Reverse ETL from Snowflake to Spanner using CSV

1. Build a Reverse ETL Pipeline from Snowflake to Spanner using Google Cloud Storage and Dataflow

Introduction

In this lab, a Reverse ETL pipeline is built. Traditionally, ETL (Extract, Transform, Load) pipelines move data from operational databases into a data warehouse like Snowflake for analytics. A Reverse ETL pipeline does the opposite: it moves curated, processed data from the data warehouse back into operational systems where it can power applications, serve user-facing features, or be used for real-time decision-making.
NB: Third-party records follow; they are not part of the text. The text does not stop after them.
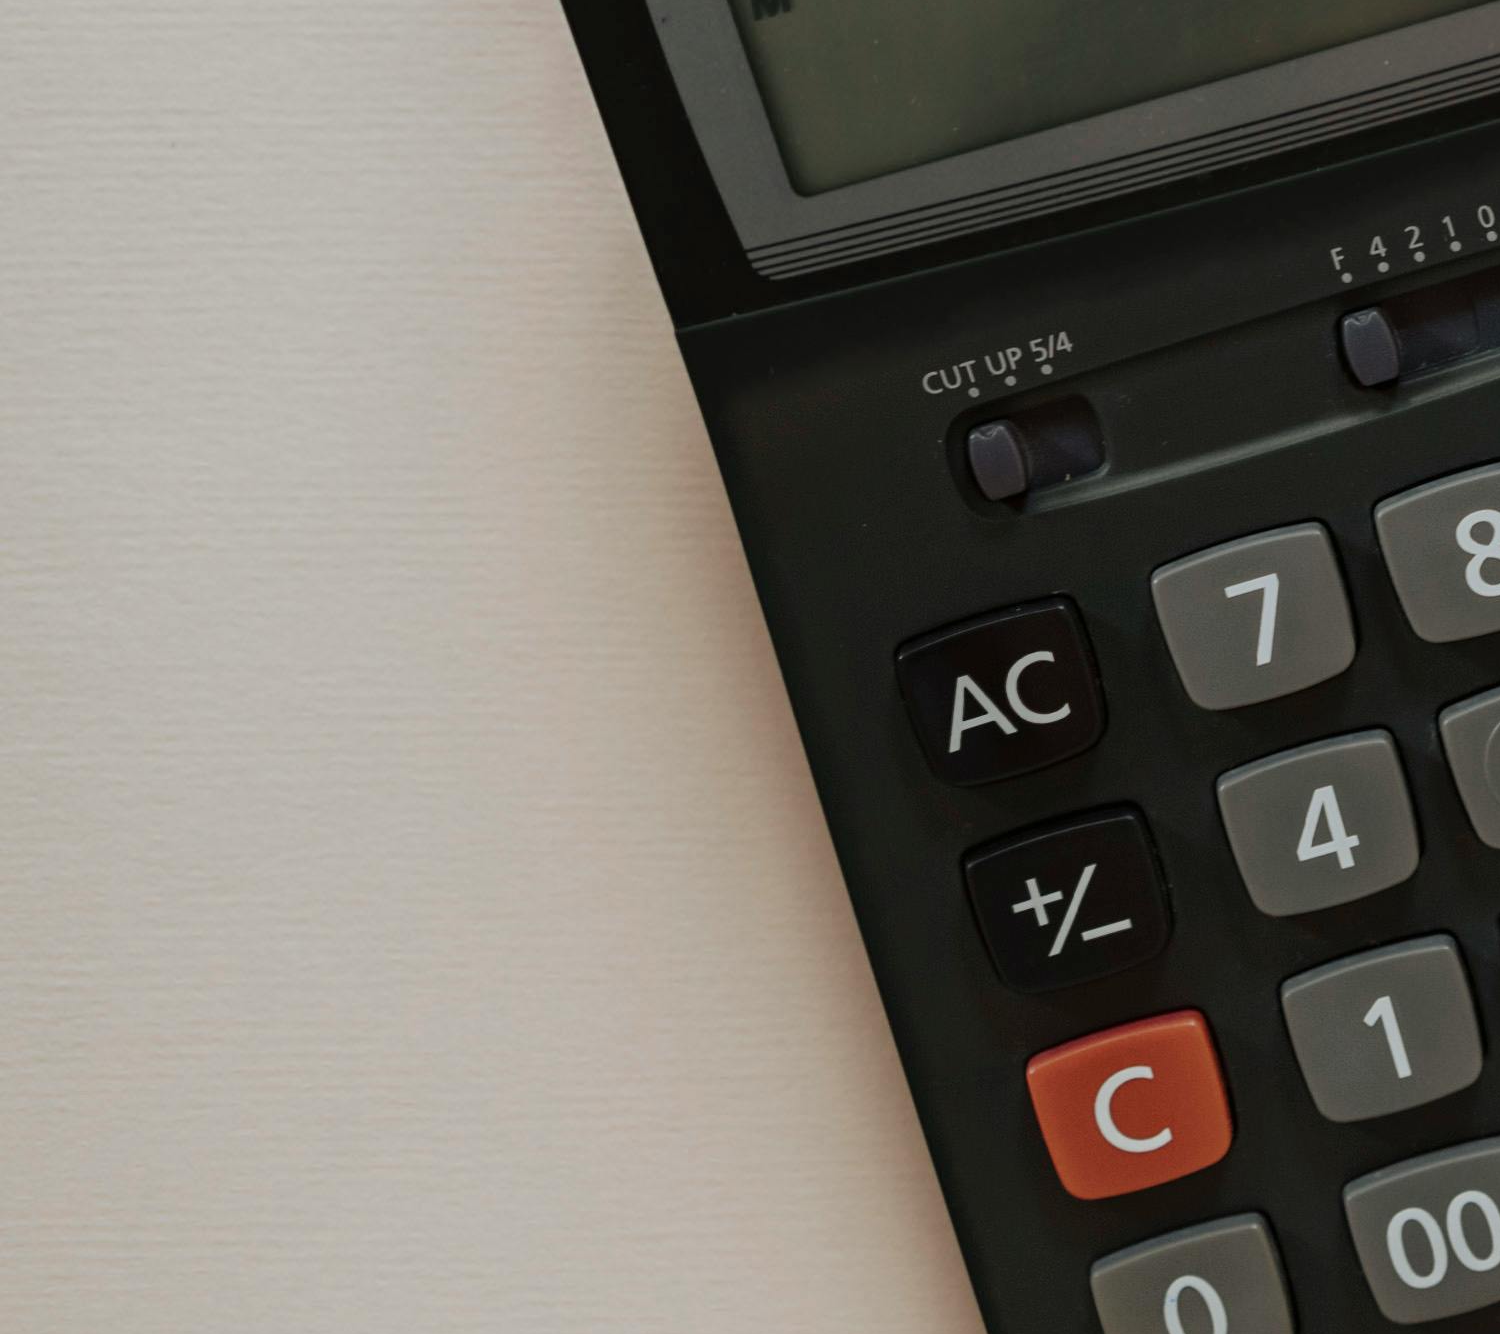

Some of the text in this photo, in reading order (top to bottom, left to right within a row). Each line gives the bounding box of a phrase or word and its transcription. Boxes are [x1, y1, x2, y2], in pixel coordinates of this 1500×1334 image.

[1330, 247, 1347, 270] F
[1367, 235, 1388, 260] 4
[1404, 224, 1426, 250] 2
[1440, 215, 1457, 239] 1
[1475, 204, 1495, 229] 0
[921, 330, 1074, 397] CUT UP 5/4
[1223, 572, 1280, 666] 7
[948, 650, 1071, 753] AC
[1296, 784, 1360, 870] 4
[1363, 995, 1412, 1079] 1
[1094, 1065, 1173, 1153] C
The goal is to move a sample dataset from a Snowflake table into Spanner, a globally distributed relational database ideal for high-availability applications.

To achieve this, Google Cloud Storage (GCS) and Dataflow are used as intermediate steps. Here's a breakdown of the flow and the reasoning behind this architecture:

Snowflake to Google Cloud Storage (GCS) in CSV Format:

The first step is to get the data out of Snowflake in an open, universal format. Exporting to CSV is a common and straightforward method for creating portable data files. We will stage these files in GCS, which provides a scalable and durable object storage solution.

GCS to Spanner (via Dataflow):

Instead of writing a custom script to read from GCS and write to Spanner, Google Dataflow, a fully managed data processing service, is used. Dataflow provides pre-built templates specifically for this kind of task. Using the "GCS Text to Cloud Spanner" template allows for a high-throughput, parallelized data import without writing any data processing code, saving significant development time.

What you'll learn

How to load data into Snowflake
How to create a GCS Bucket
How to export a Snowflake table to GCS in the CSV format
How to setup up a Spanner instance
How to load CSV Tables to Spanner with Dataflow

2. Setup, Requirements & Limitations

Prerequisites

A Snowflake account.
A Google Cloud account with Spanner, Cloud Storage, and Dataflow APIs enabled.
Access to the Google Cloud Console through a web browser.
A terminal with the Google Cloud CLI installed.
If your Google Cloud organization has the iam.allowedPolicyMemberDomains policy enabled, an administrator may need to grant an exception to allow service accounts from external domains. This will be covered in a later step where applicable.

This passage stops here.